It would be an understatement to say that the start of lockdown for Andrew Kirkup was a difficult time. The day before New Zealand moved into level four, Andy’s father James ‘Jim’ Kirkup died of a lung infection in Sussex. The week after that, Andy lost his job as a digital artist for a weekly magazine, when Bauer Media closed down. “I’d never heard of Zoom before all this,” Andy says wryly. “One week I was using it to find out I’d been made redundant, and the next week we were using it to plan a funeral.”
Jim Kirkup was 77 years old when he died, and he had been struggling with dementia. It had been touch and go a few times, and Jim was living in a rest home, but he was still able to head along to see Andy’s sister Lisa every week for lunch. It was the recurring lung infections that were knocking him back – normally he would respond well to antibiotics, but not this time. “We did wonder if it was Covid-19, but they didn’t test him. We don’t think it was, but we don’t know for sure,” Andy says.
Andy and his two sisters had a couple of weeks to plan the funeral, which had to take place entirely over Zoom because of global travel restrictions. With Andy in New Zealand, and his other sister Tania in Florida, there were many logistical difficulties to work around, including time differences for the guests taking part in the funeral.
One unexpected silver lining to losing his job meant that Andy suddenly had time to work on the slideshow for his father’s funeral, which he said helped him immensely in working through the loss.
“It was a nice process to be able to do that. He’d been unwell for a while with dementia, and so we’d almost forgotten the man we all knew and loved,” Andy says. “Going through the photos, it helped us remember who he was before, because we hadn’t seen that for the last few years. It was a nice way to send him off.”
At midday (UK time) on 15 April, Andy’s sister Lisa hosted the funeral service at her home. It was 11pm in New Zealand, and Andy, his wife Sarah, and their two kids all dressed up for the service, lit a candle, and tuned in to the virtual funeral, alongside over 100 of Jim’s loved ones. Andy, his sister Tania, and other family members all made tributes to their dad, and the whole Zoom funeral joined in for a rendition of Roger Miller’s classic King of the Road.
“He’d have liked that,” Andy grins. “He loved a bit of karaoke.”
It was very sad that they couldn’t all be together, he says, but “it was the best we could do”.
After the service, Lisa – the sister based in Sussex – walked down the road and into the village where Jim’s coffin was waiting at the local undertakers. In a lovely British twist, the undertakers’ business space used to be the local pub, where Jim had enjoyed a pint or two.
“It was like he was waiting at the bar for us, almost,” Andy says.
In the weeks since his father died, Andy has been trying to get used to the strange new daily timetable. After over a decade working in lightning-fast weekly deadlines, it’s an adjustment, he says.

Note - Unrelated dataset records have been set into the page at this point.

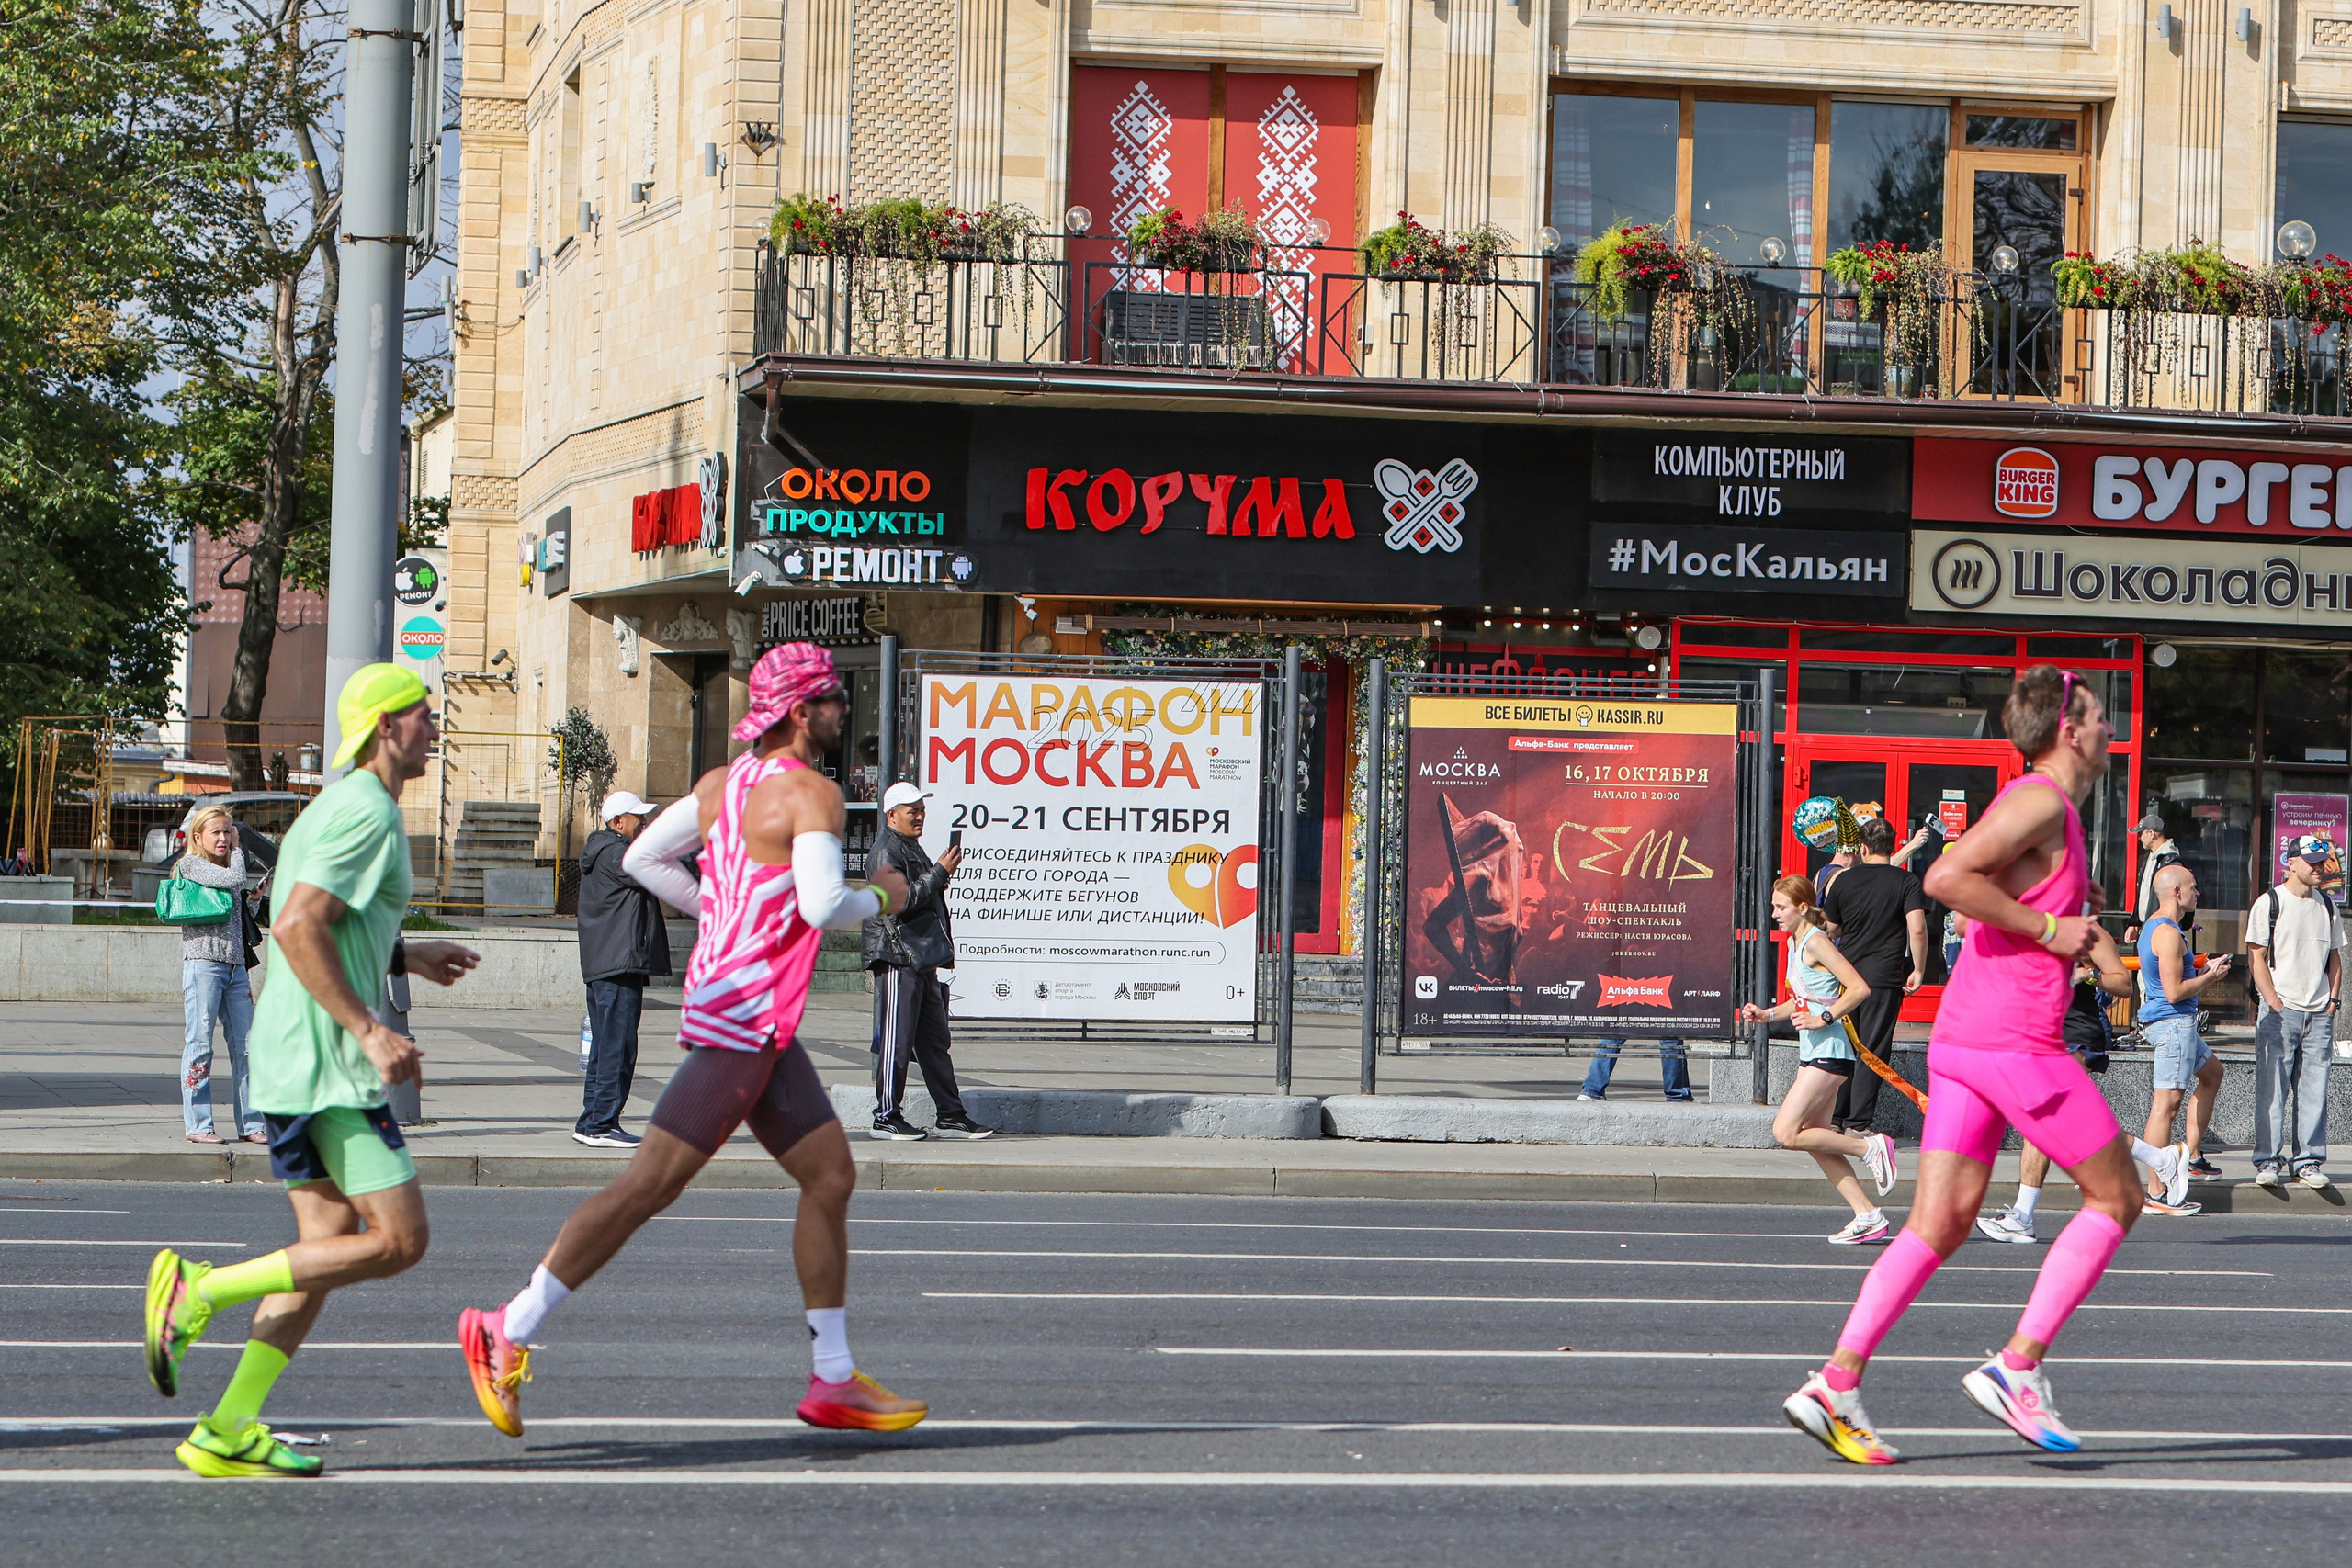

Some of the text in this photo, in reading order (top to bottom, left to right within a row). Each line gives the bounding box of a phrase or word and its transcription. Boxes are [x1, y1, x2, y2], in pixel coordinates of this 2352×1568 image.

[1654, 445, 1845, 480] КОМПЬЮТЕРНЫЙ
[1998, 468, 2056, 485] BURGER
[781, 468, 931, 504] ОКОЛО
[1997, 482, 2055, 503] KING
[1025, 467, 1356, 540] КОРЧМА
[1719, 485, 1781, 516] КЛУБ
[766, 508, 944, 538] ПРОДУКТЫ
[812, 547, 944, 584] РЕМОНТ
[1608, 538, 1888, 582] #МосКальян
[2011, 549, 2352, 612] Шоколадн
[400, 591, 433, 600] РЕМОНТ
[770, 597, 860, 637] PRICE COFFEE
[401, 634, 444, 645] ОКОЛО
[929, 681, 1253, 737] МАРАФОН
[1485, 705, 1664, 725] ВСЕ БИЛЕТЫ KASSIR.RU
[1026, 706, 1156, 751] 2025
[1514, 739, 1634, 751] Альфа-Банк представляет
[928, 736, 1201, 790] МОСКВА
[1419, 762, 1501, 778] МОСКВА
[1594, 765, 1611, 780] 17
[1617, 766, 1709, 782] ОКТЯБРЯ
[1593, 790, 1680, 801] НАЧАЛО В 20:00
[1062, 806, 1230, 834] СЕНТЯБРЯ
[960, 847, 1229, 865] РИСОЕДИНЯЙТЕСЬ К ПРАЗДНИКУ
[950, 867, 983, 882] ДЛЯ
[988, 869, 1038, 882] ВСЕГО
[1043, 870, 1109, 884] ГОРОДА
[949, 887, 1139, 903] ПОДДЕРЖИТЕ БЕГУНОВ
[1583, 902, 1687, 913] ТАНЦЕВАЛЬНЫЙ
[949, 908, 1204, 927] НА ФИНИШЕ ИЛИ ДИСТАНЦИИ!
[1587, 916, 1682, 926] ШОУ-СПЕКТАКЛЬ
[958, 943, 1211, 958] Подробности: moscowmarathon.runc.run
[1133, 981, 1181, 992] МОСКОВСКИЙ
[1226, 986, 1246, 1000] 0+
[1419, 983, 1434, 993] VK
[1607, 986, 1664, 998] Альфа Банк
[1133, 992, 1155, 1001] СПОРТ
[1413, 1013, 1438, 1025] 18+
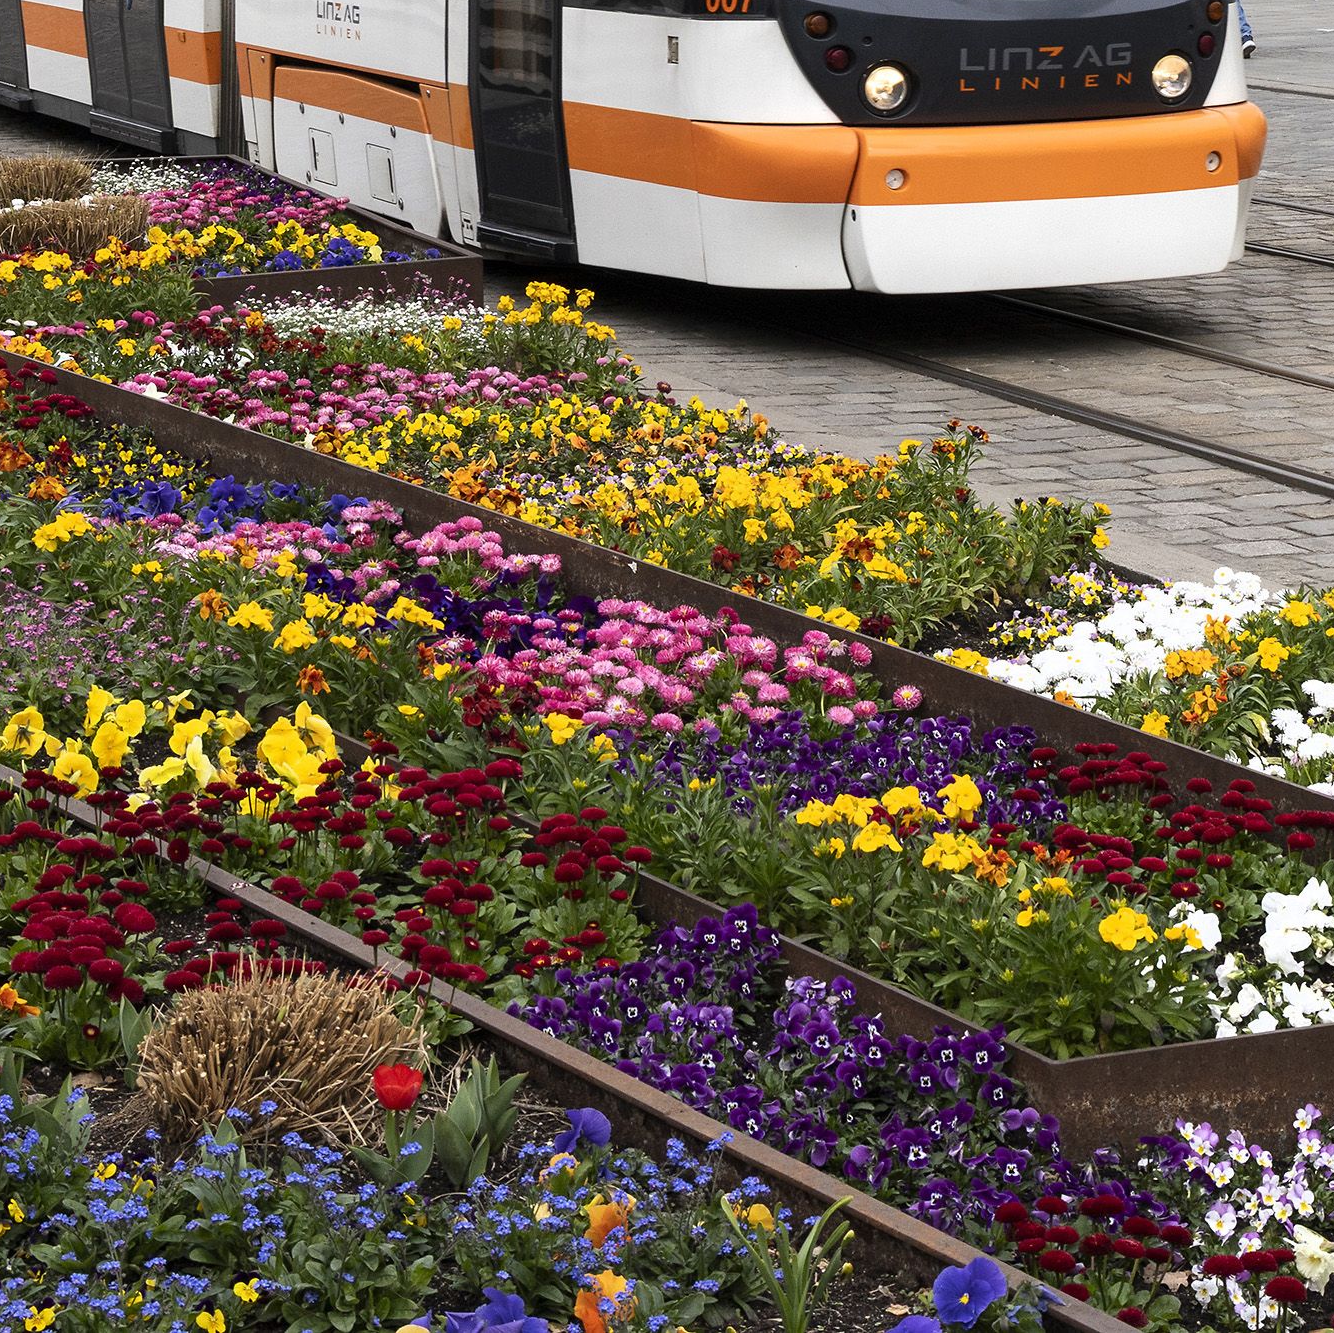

“I kept thinking, ‘I’ve got to do this, I’ve got to do that.’ I was doing nothing, but everything – my mind was all over the place.”
But he’s using this new-found time well, he says. “I’ve been doing a lot of baking – baking bread for the family every day, and then some walking and cycling.”
Andy and his whānau were supposed to be heading to the UK this June to see his dad, but that’s on hold for now. Once international travel is possible, he and his family will continue with their travel plans. As sad it was to say goodbye over Zoom, Andy is proud that the whānau did the best they could for their beloved dad. “He was 77 when he died, but he had 70 good years, which is a lot more than some people get.”